Vu les articles 56, 455 et 768 du code de procédure civile,
Vu les dernières conclusions de Mme [X] [H] constituées par l’assignation délivrée le 13 février 2023 au procureur de la République,
Vu l’ordonnance de la juge de la mise en état rendue le 3 avril 2025 ayant déclaré irrecevables les conclusions du ministère public notifiées par la voie électronique le 2 avril 2025, ordonné la clôture de l’instruction et fixé l’affaire à l’audience de plaidoiries du 15 janvier 2026,
Vu la note d’audience,
MOTIFS
Sur les pièces
Au dossier de plaidoirie de Mme [X] [H] figurent des copies d’actes d’état civil délivrées postérieurement à l’ordonnance de clôture. Elles seront déclarées irrecevables en vertu des dispositions des articles 16 et 802 du code de procédure civile.
Sur la procédure
Aux termes de l’article 1040 du code de procédure civile, dans toutes les instances où s’élève à titre principal ou incident une contestation sur la nationalité, une copie de l’assignation est déposée au ministère de la justice qui en délivre récépissé.
En l’espèce, le ministère de la justice a délivré ce récépissé le 27 juillet 2023. La condition de l’article 1040 du code de procédure civile est ainsi respectée.
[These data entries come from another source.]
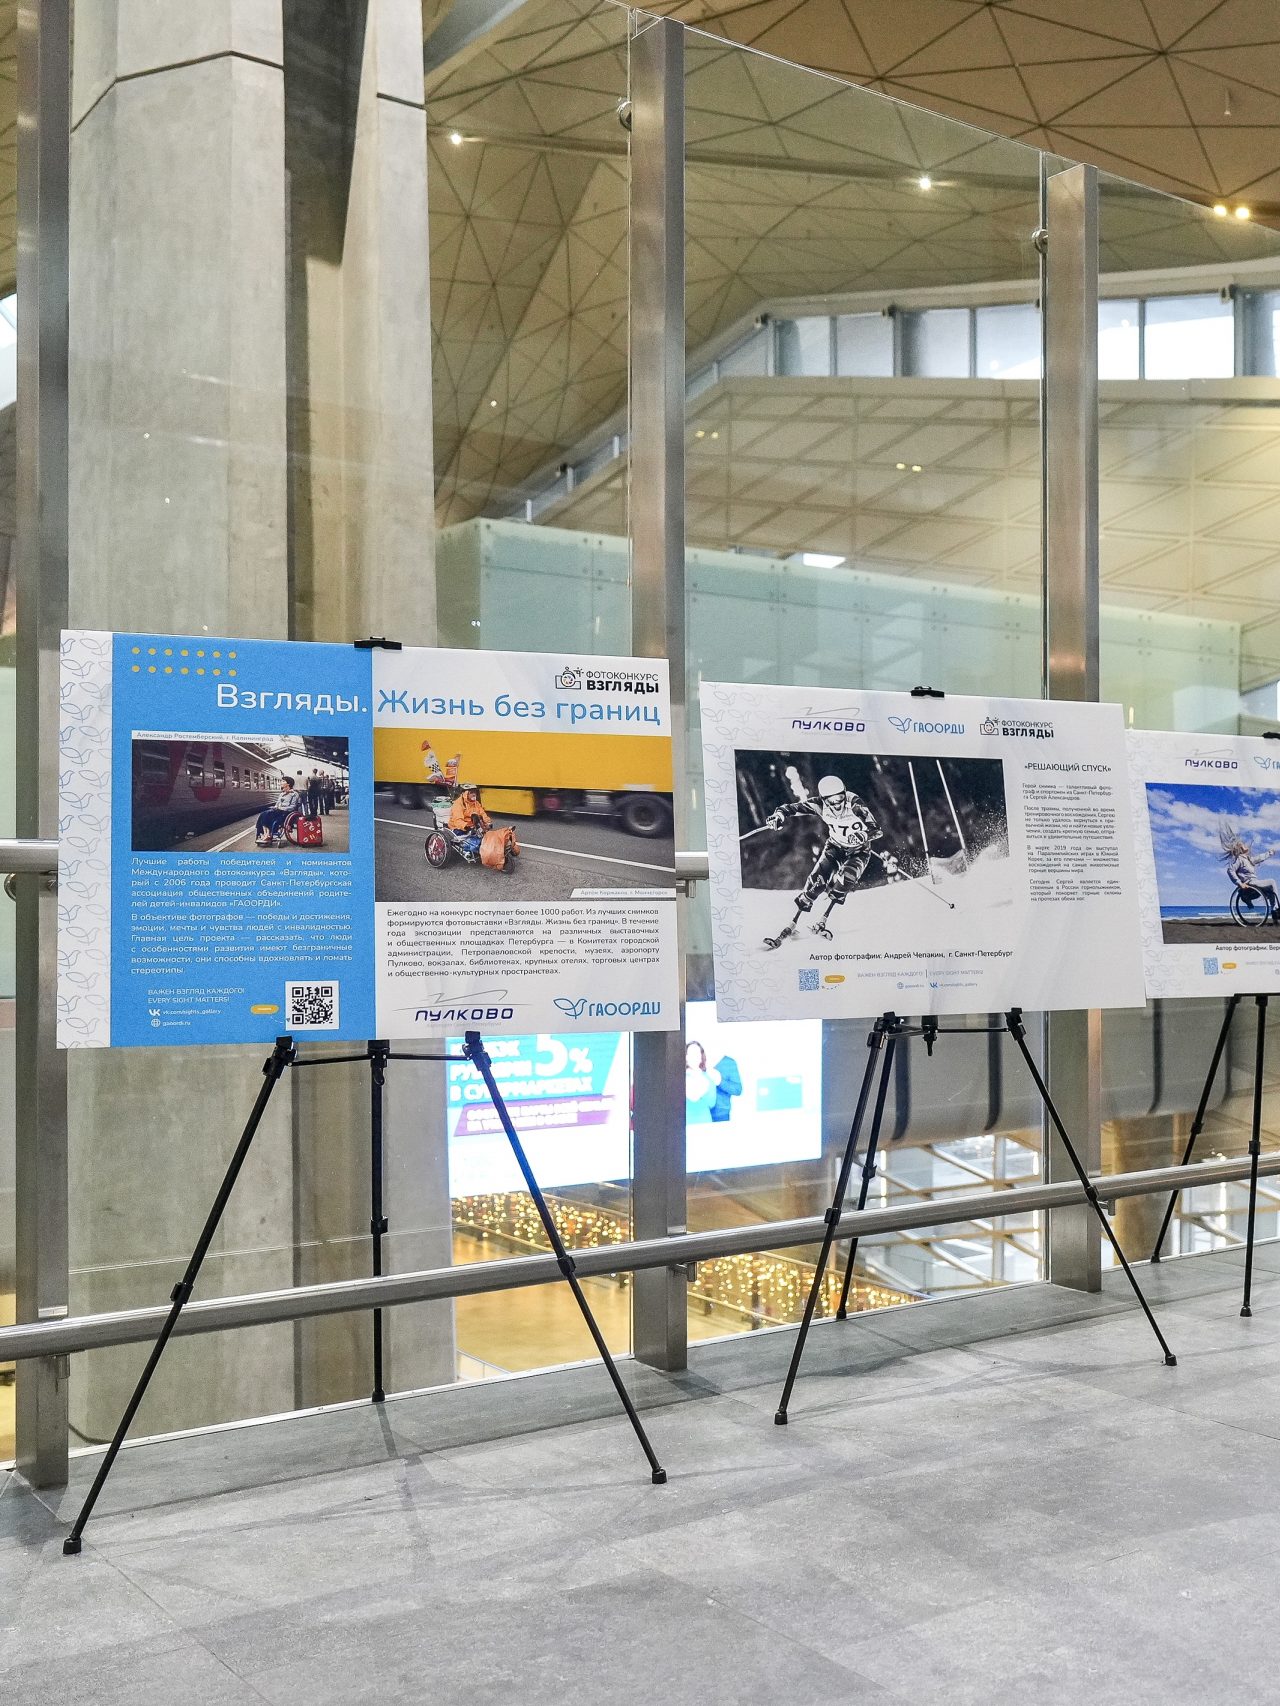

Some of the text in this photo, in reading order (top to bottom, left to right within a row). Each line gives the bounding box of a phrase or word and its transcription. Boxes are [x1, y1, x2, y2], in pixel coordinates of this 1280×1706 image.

[586, 670, 658, 682] ФОТОКОНКУРС
[586, 681, 659, 694] ВЗГЛЯДЫ
[217, 683, 660, 726] Взгляды. Жизнь без границ
[792, 720, 866, 732] ПУЛКОВО
[913, 722, 965, 734] ГАООРДИ
[1002, 720, 1053, 728] ФОТОКОНКУРС
[1002, 728, 1054, 740] ВЗГЛЯДЫ
[1024, 763, 1111, 772] «РЕШАЮЩИЙ СПУСК»
[1185, 758, 1238, 769] ПУЛКОВО
[131, 857, 167, 867] Лучшие
[177, 857, 209, 867] работы
[220, 857, 276, 867] победителей
[131, 867, 209, 878] Международного
[213, 868, 275, 878] фотоконкурса
[131, 878, 149, 888] рый
[163, 878, 186, 886] 2006
[260, 878, 352, 888] Санкт-Петербургская
[188, 888, 252, 898] общественных
[256, 888, 314, 898] объединений
[131, 898, 282, 908] лей детей-инвалидов «ГАООРДИ».
[140, 912, 186, 920] объективе
[188, 912, 243, 922] фотографов
[257, 912, 289, 922] победы
[298, 914, 352, 922] достижения,
[387, 908, 427, 917] Ежегодно
[514, 907, 538, 915] более
[540, 907, 559, 915] 1000
[561, 907, 584, 917] работ.
[585, 907, 596, 915] Из
[131, 925, 166, 933] эмоции,
[246, 922, 274, 932] людей
[387, 918, 443, 928] формируются
[445, 917, 502, 927] фотовыставки
[504, 917, 543, 927] «Взгляды.
[544, 917, 571, 925] Жизнь
[572, 917, 586, 925] без
[131, 933, 166, 942] Главная
[255, 935, 304, 943] рассказать,
[387, 930, 406, 938] года
[414, 930, 461, 938] экспозиции
[141, 943, 208, 952] особенностями
[292, 942, 352, 953] безграничные
[396, 938, 456, 948] общественных
[508, 937, 553, 947] Петербурга
[577, 936, 617, 944] Комитетах
[620, 936, 659, 946] городской
[387, 950, 453, 958] администрации,
[461, 947, 531, 957] Петропавловской
[584, 948, 613, 956] музеях,
[1215, 944, 1232, 952] Автор
[1232, 944, 1267, 952] фотографии:
[214, 954, 255, 962] способны
[809, 953, 832, 962] Автор
[833, 952, 882, 962] фотографии:
[883, 951, 911, 961] Андрей
[954, 950, 1013, 960] Санкт-Петербург
[387, 958, 424, 968] Пулково,
[427, 960, 466, 968] вокзалах,
[468, 957, 522, 967] библиотеках,
[560, 958, 588, 966] отелях,
[591, 958, 627, 966] торговых
[394, 967, 560, 978] общественно-культурных пространствах.
[589, 1002, 660, 1016] ГАООРДИ
[414, 1008, 514, 1022] ПУЛКОВО
Il y a donc lieu de dire que la procédure est régulière au regard de ces dispositions.
Sur l’action déclaratoire de nationalité française
Mme [X] [H], se disant née le 4 octobre 1999 à [Localité 4] (Algérie), revendique la nationalité française par filiation paternelle. Elle expose que son père, M. [D] [H], né le 25 octobre 1962 à [Localité 5] / [Localité 4], relevait du statut civil de droit commun pour être issu de [J] [Q], née le 28 août 1944 à [Localité 6] / [Localité 7] (Algérie), de [B] [G], née le 4 avril 1923 à [Localité 7].
Son action fait suite à la décision de refus de délivrance d’un certificat de nationalité française qui lui a été opposée le 19 octobre 2017 par le directeur des services de greffe judiciaires du service de la nationalité des Français nés et établis hors de France (pièce n°1 de la demanderesse).
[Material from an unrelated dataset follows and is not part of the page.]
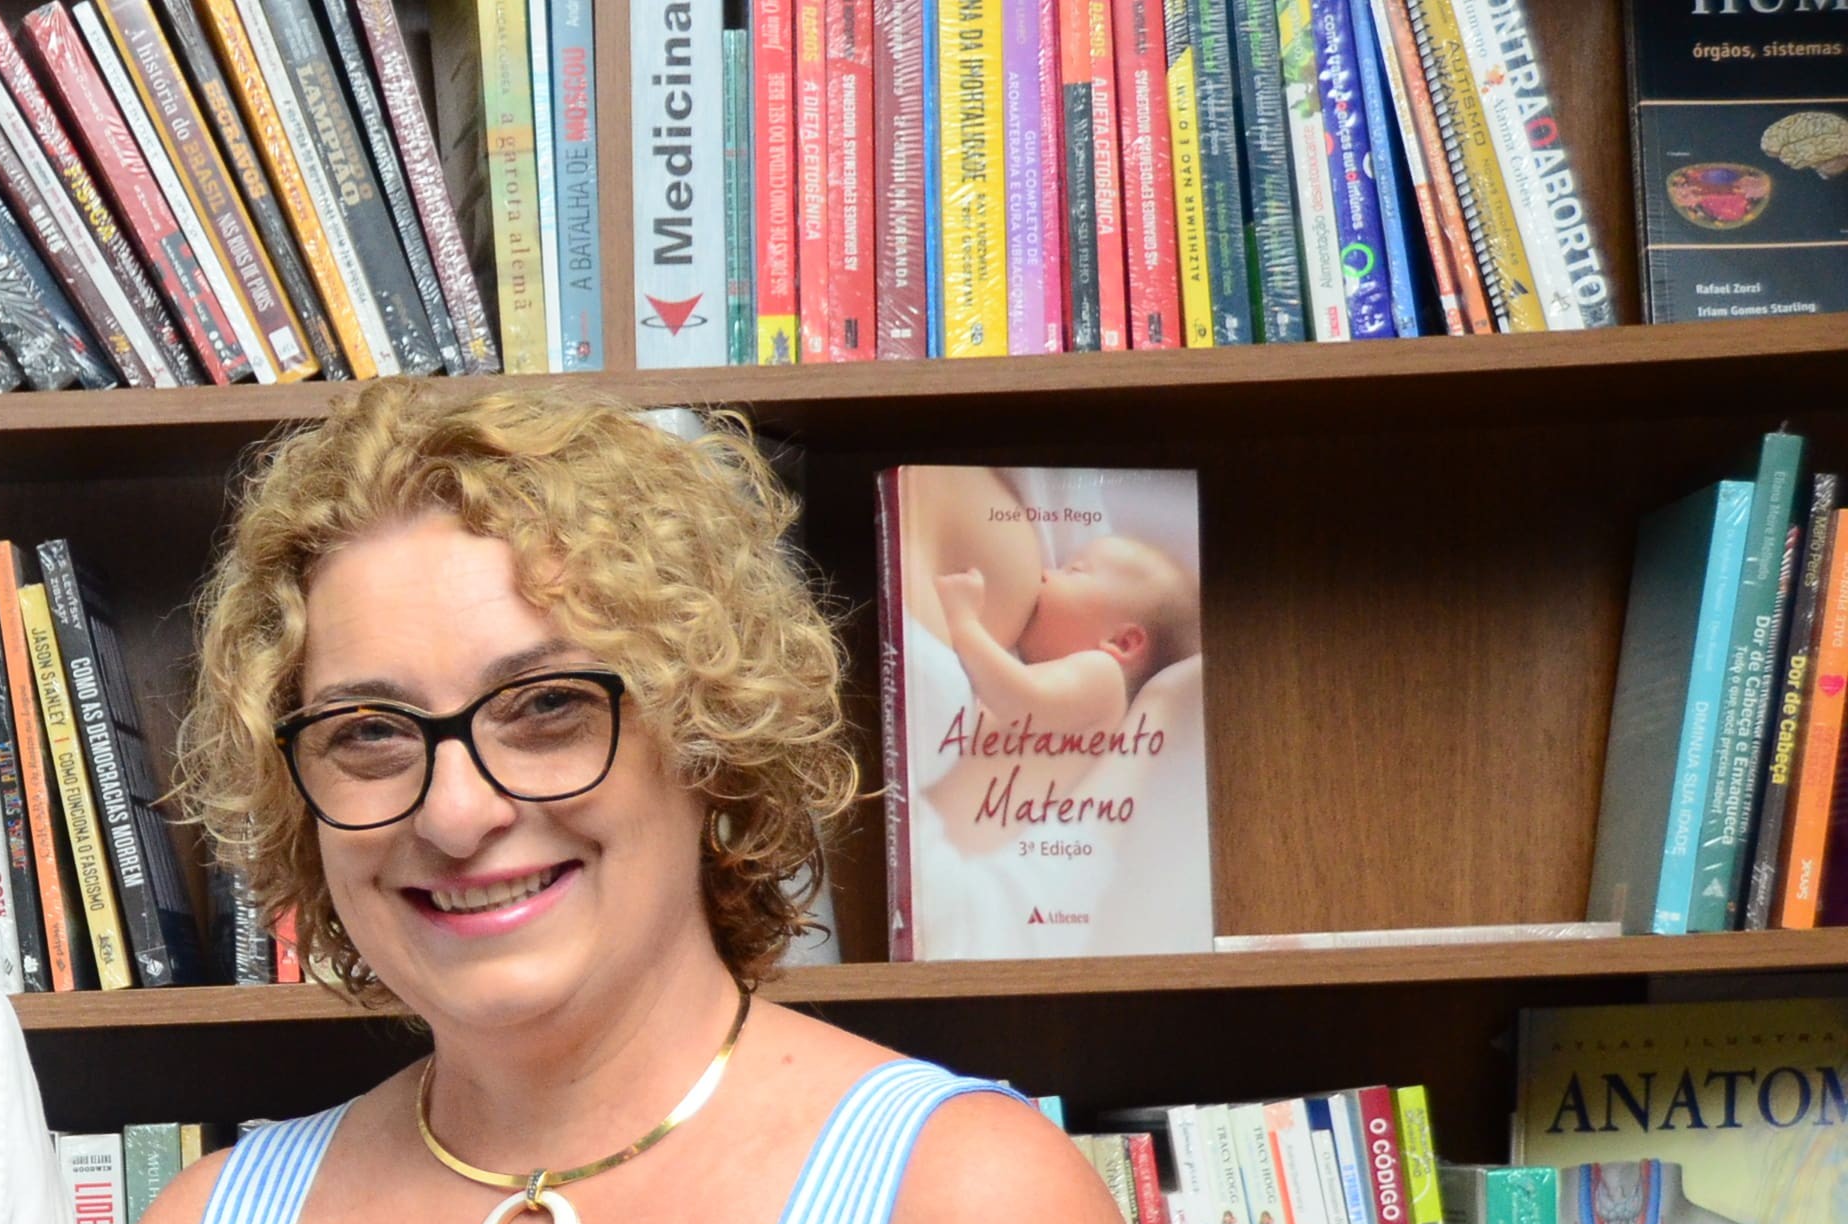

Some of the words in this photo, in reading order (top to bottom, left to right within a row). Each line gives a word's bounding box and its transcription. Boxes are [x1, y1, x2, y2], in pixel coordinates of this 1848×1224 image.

Le recours gracieux contre cette décision a été rejeté le 13 février 2020 (pièce n°2 de la demanderesse).
Sur la demande de délivrance d’un certificat de nationalité française
Mme [X] [H] sollicite du tribunal d’ordonner la délivrance d’un certificat de nationalité française à son profit.
Il est rappelé que le tribunal, dont la saisine n’est pas subordonnée à une demande préalable de délivrance d’un certificat de nationalite française, n’a pas le pouvoir d’ordonner la délivrance d’un certificat de nationalité française dans le cadre d’une action déclaratoire de nationalité française, étant également rappelé que s’il était fait droit à la demande de Mme [X] [H] tendant à voir dire qu’elle est de nationalité française, la délivrance d’un tel certificat serait alors de droit.
La demande formée de ce chef sera donc déclarée irrecevable.
Sur le fond
En application de l’article 30 alinéa 1 du code civil, la charge de la preuve en matière de nationalité incombe à celui qui revendique la qualité de Français lorsqu’il n’est pas déjà titulaire d’un certificat de nationalité délivré à son nom conformément aux dispositions des articles 31 et suivants du même code.
Conformément à l’article 17-1 du code civil, compte tenu de la date de naissance revendiquée par la demanderesse, l’action relève des dispositions de l’article 18 du code civil aux termes duquel est français l’enfant dont l’un des parents au moins est français.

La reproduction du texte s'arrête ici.